MP/HMP Progression Long Run
Workout - MP/HMP Progression Long Run
- 4.0km @ 9'00''/mi
- 30min @ 8'00''/mi
- 3 lots of:
- 3min @ 7'30''/mi
- 2min @ 9'00''/mi
- 30min @ 8'00''/mi
- 9.9km @ 9'00''/mi
18 Mile Long Run Workout - MP @ HMP Efforts from The FOD Runner demonstrates how to layer speed work into a long run. The breakdown below walks through the structure—check out the full video for complete details.
Key Points
- This 18-mile session merges structured “MP/HMP” speed blocks into your long run, allowing you to work on pace without cutting into total volume.

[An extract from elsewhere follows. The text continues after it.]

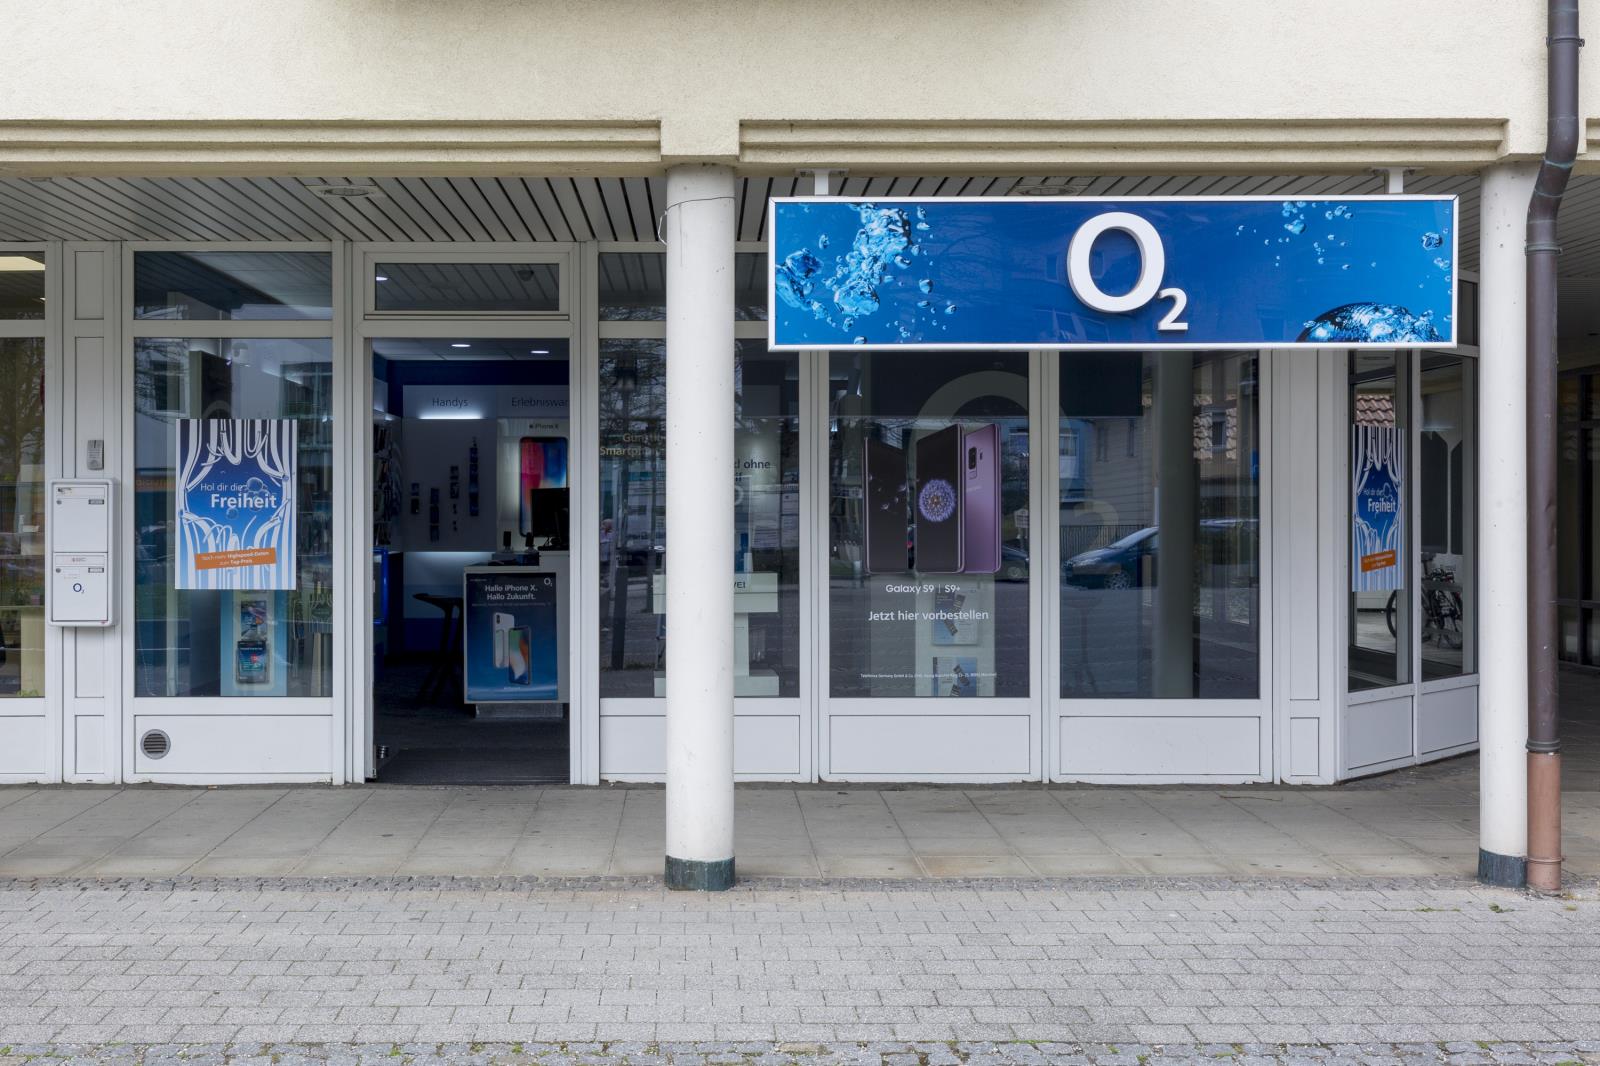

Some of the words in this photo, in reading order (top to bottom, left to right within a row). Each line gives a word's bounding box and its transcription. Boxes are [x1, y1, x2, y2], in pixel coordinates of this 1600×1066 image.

- The workout backbone features a 30-minute effort at Marathon Pace (MP), then rotates through short bursts at Half-Marathon Pace (HMP) paired with brief recovery jogging. For runners new to structured intervals,
[Mastering Interval Training: Science-Backed Workouts and How a Smart App Can Personalize Them](/blog/mastering-interval-training-science-backed-workouts-and-how-a-smart-app-can-personalize-them)covers the fundamentals. - Repeats run 3-4 minutes at a fast clip, separated by 2-minute easy jog recovery, and wrap with another 30 minutes at MP.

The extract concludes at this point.